### Work order:
Copy all entries verbatim and keep any pictures out of the copy.
* * * * *
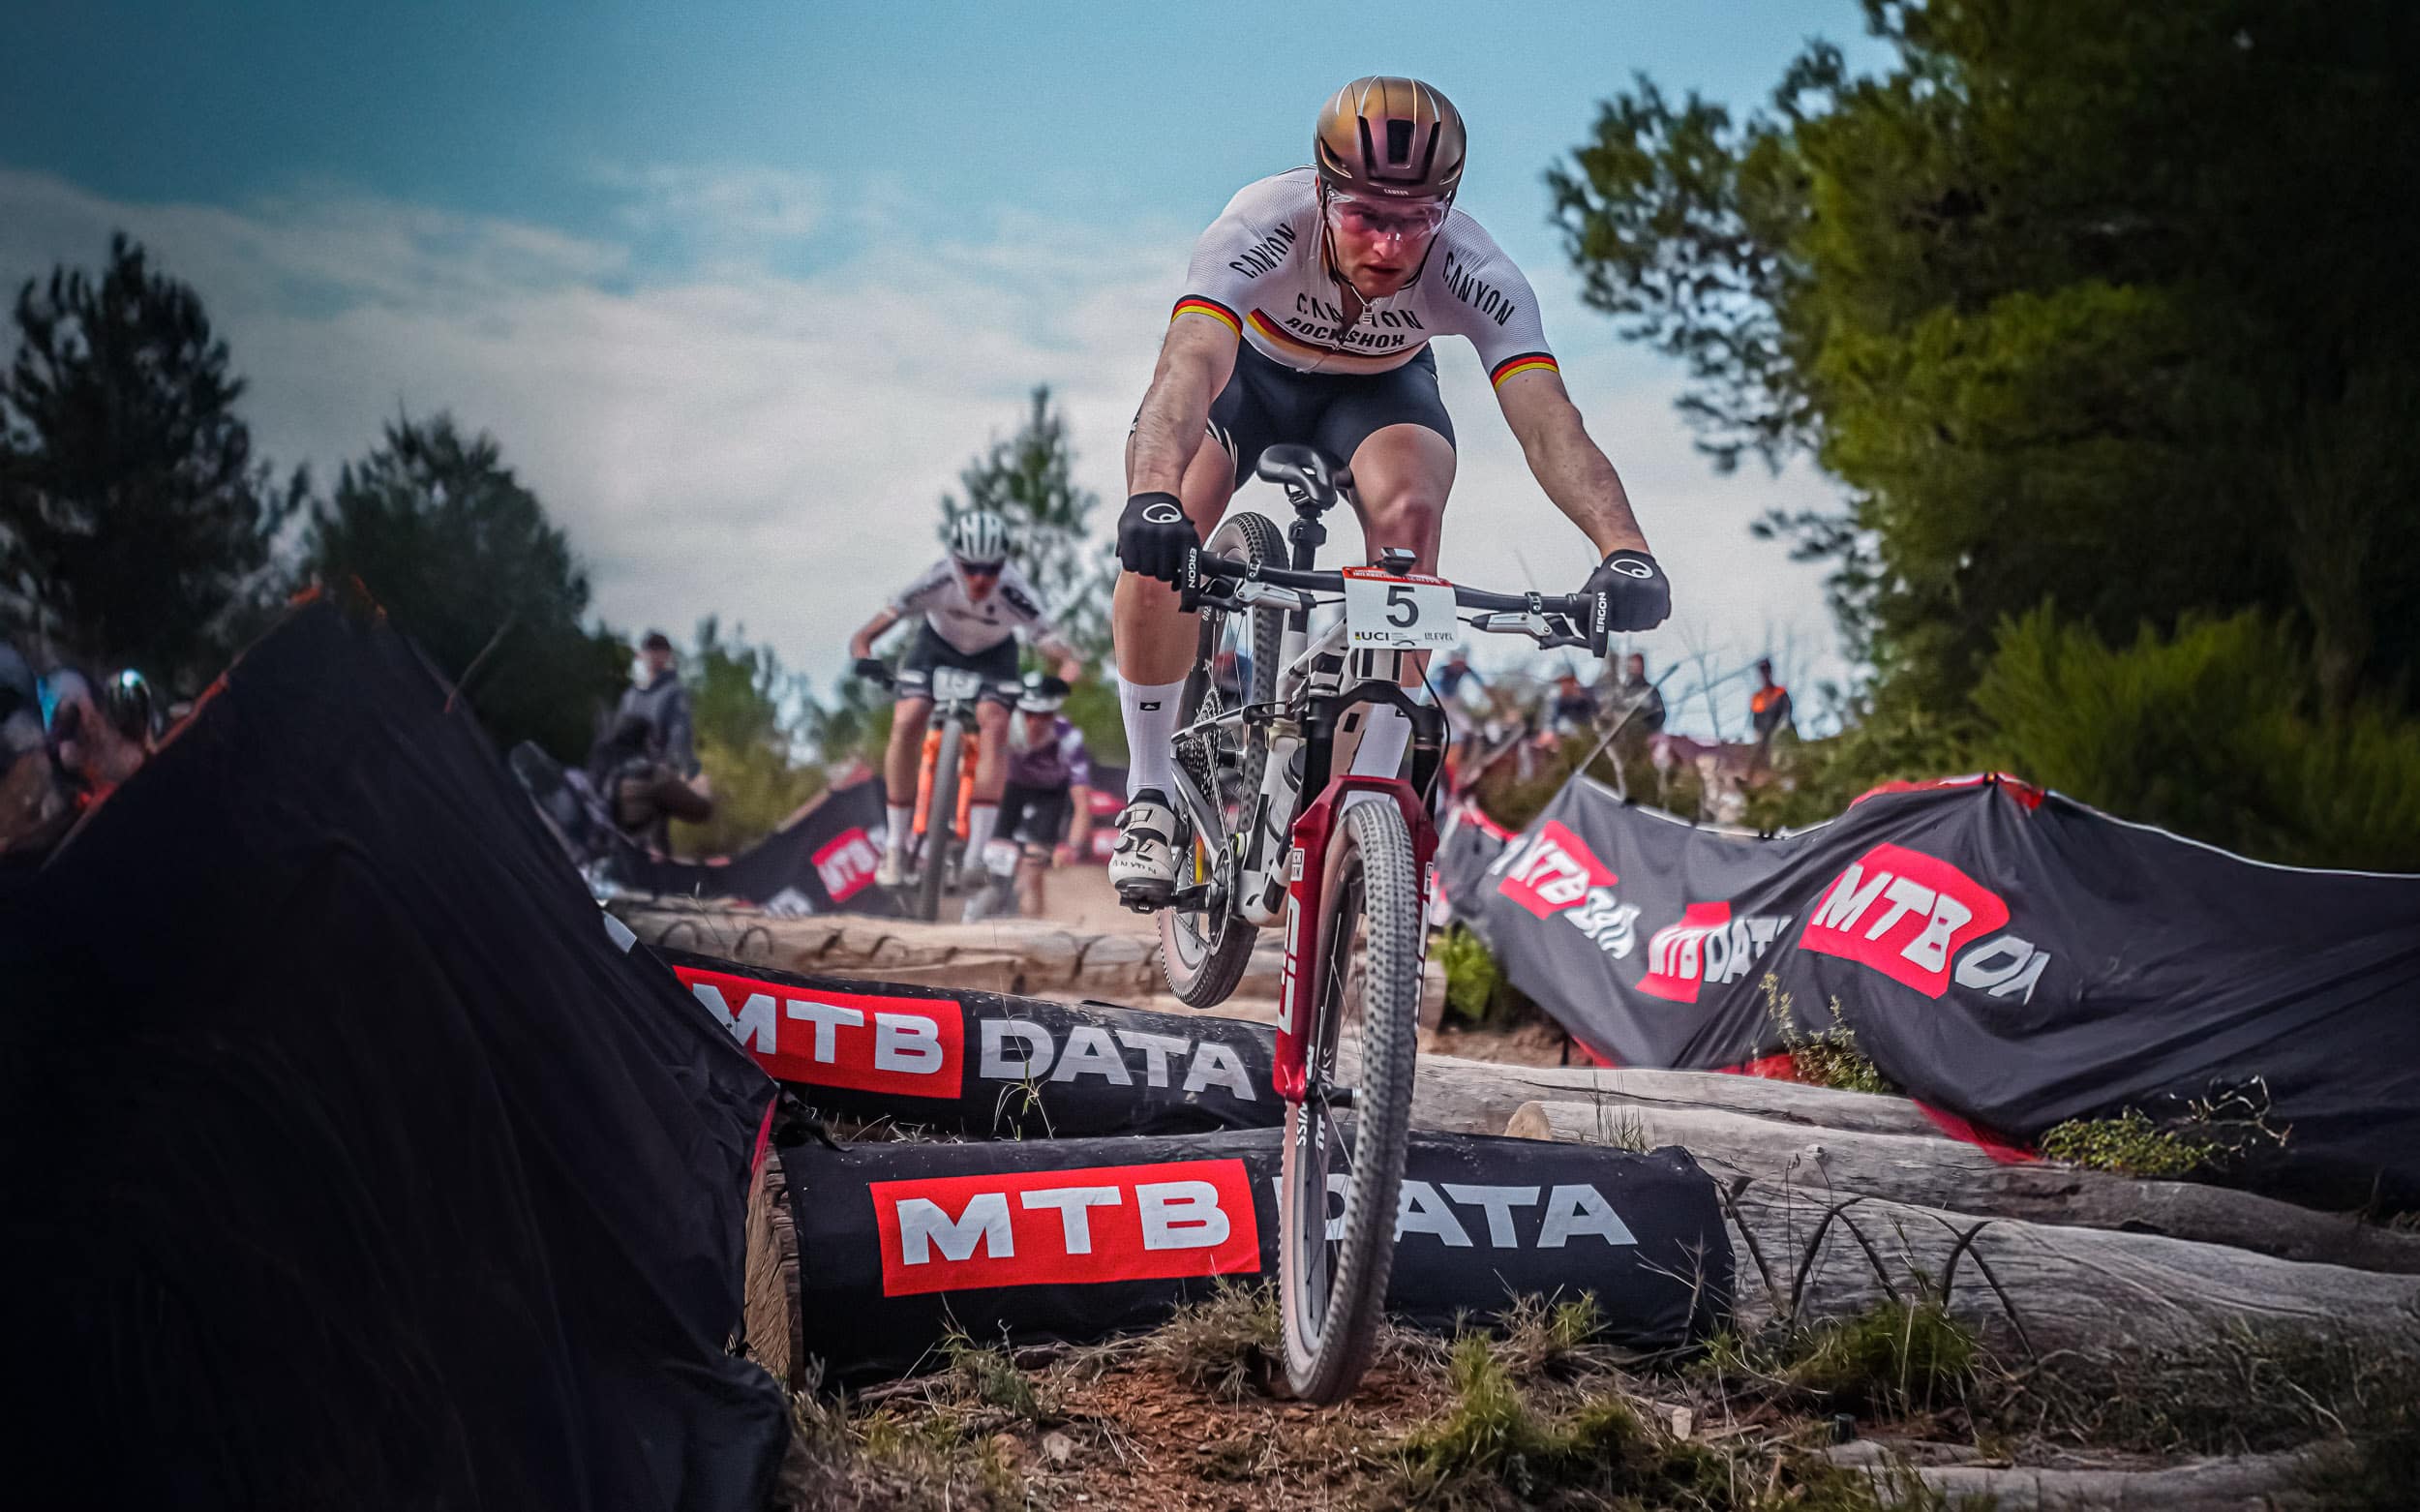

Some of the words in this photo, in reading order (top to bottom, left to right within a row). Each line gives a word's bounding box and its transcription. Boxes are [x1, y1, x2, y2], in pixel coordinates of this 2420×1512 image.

[1228, 223, 1296, 279] CANYON
[1442, 251, 1515, 326] CANYON
[1188, 547, 1197, 589] ERGON
[1386, 585, 1419, 628] 5
[1595, 591, 1608, 633] ERGON
[1361, 631, 1390, 641] UCI
[1112, 859, 1157, 875] ANYON
[1812, 862, 1973, 974] MTB
[1703, 915, 1793, 984] DAT
[693, 983, 944, 1074] MTB
[981, 1019, 1257, 1102] DATA
[896, 1180, 1231, 1265] MTB
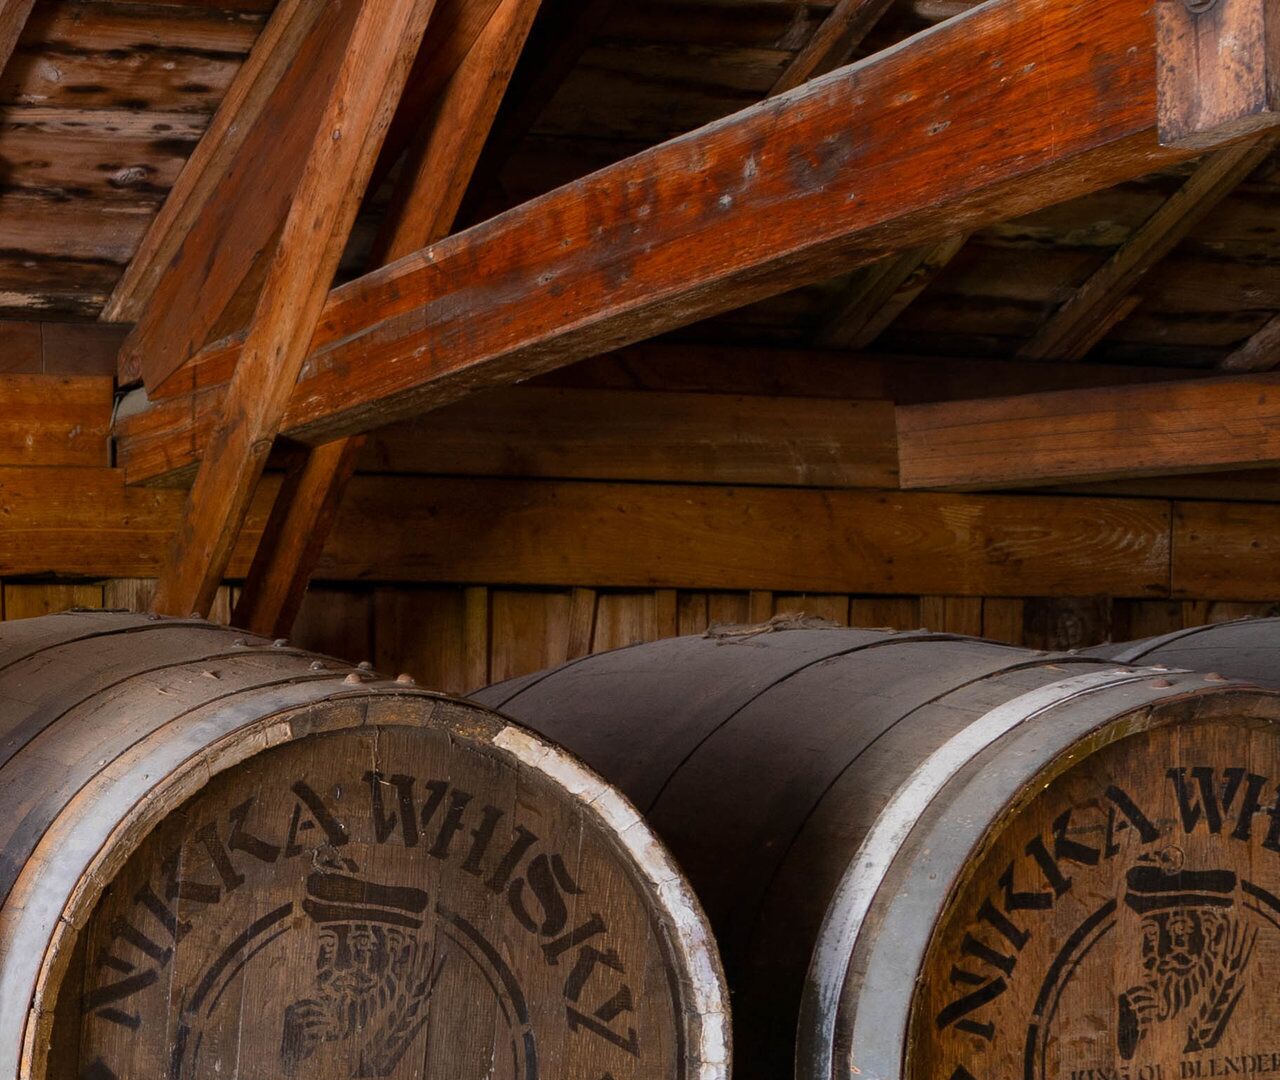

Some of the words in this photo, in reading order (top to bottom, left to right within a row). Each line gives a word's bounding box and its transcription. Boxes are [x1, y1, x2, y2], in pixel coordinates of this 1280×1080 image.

[81, 779, 351, 1030] NIKKA
[362, 769, 640, 1060] WHISKY
[935, 785, 1160, 1041] NIKKA
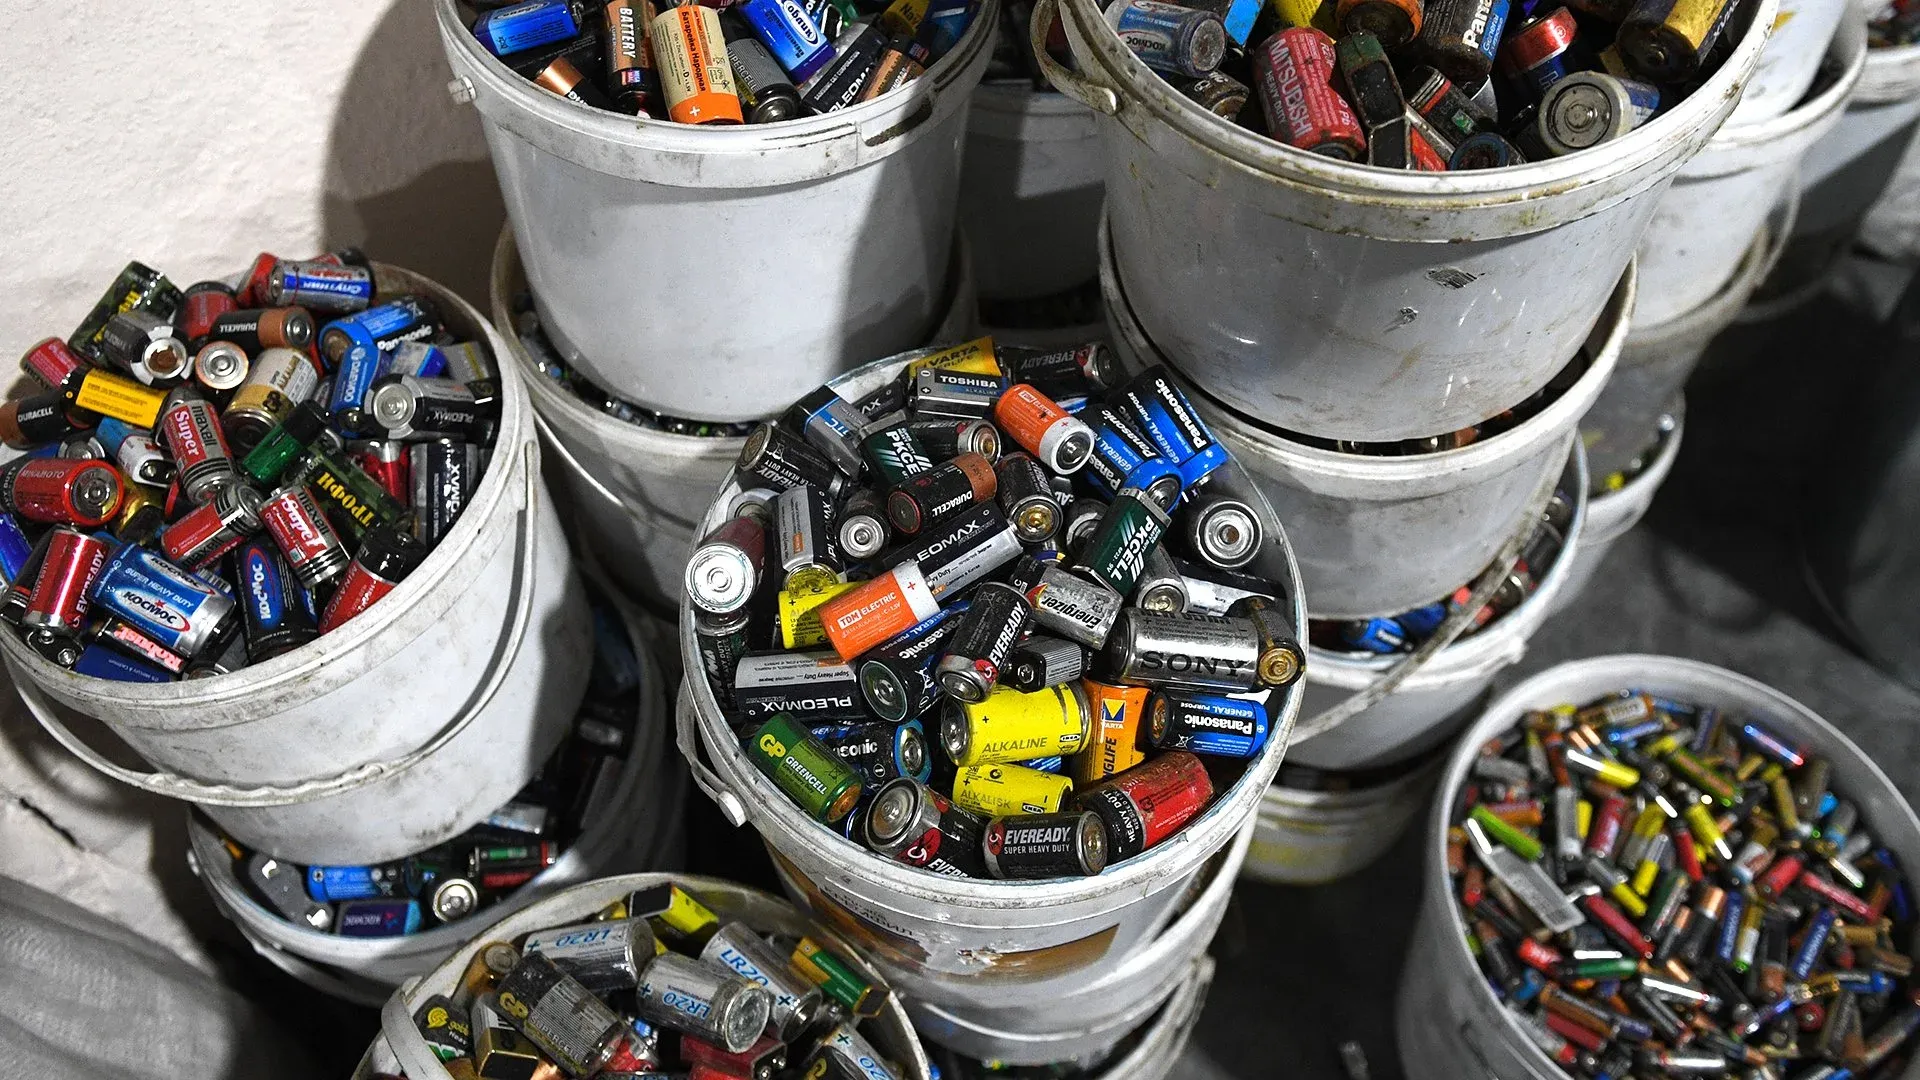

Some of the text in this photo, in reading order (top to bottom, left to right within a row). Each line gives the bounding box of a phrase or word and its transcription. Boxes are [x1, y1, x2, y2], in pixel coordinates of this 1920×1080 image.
* * * * *
### Exercise output:
Some of the words in this photo, in reading order (top to bottom, left to right within a row). Each line gives a word's bounding box and its transcription. Boxes are [x1, y1, x2, y2], in pixel coordinates of this 2420×1512 image.

[1228, 223, 1296, 279] CANYON
[1442, 251, 1515, 326] CANYON
[1188, 547, 1197, 589] ERGON
[1386, 585, 1419, 628] 5
[1595, 591, 1608, 633] ERGON
[1361, 631, 1390, 641] UCI
[1112, 859, 1157, 875] ANYON
[1812, 862, 1973, 974] MTB
[1703, 915, 1793, 984] DAT
[693, 983, 944, 1074] MTB
[981, 1019, 1257, 1102] DATA
[896, 1180, 1231, 1265] MTB

Some of the words in this photo, in reading order (top to bottom, left to right within a row). Each line gives a word's bounding box and its transcription. Boxes are [x1, y1, x2, y2], in pixel coordinates of this 1280×1080 image.

[81, 779, 351, 1030] NIKKA
[362, 769, 640, 1060] WHISKY
[935, 785, 1160, 1041] NIKKA

Some of the text in this photo, in reading order (top to bottom, left to right within a row). Each line gives the bounding box of a phrase or word and its transcription. Boxes are [x1, y1, x2, y2], in pixel coordinates of this 1920×1080 image.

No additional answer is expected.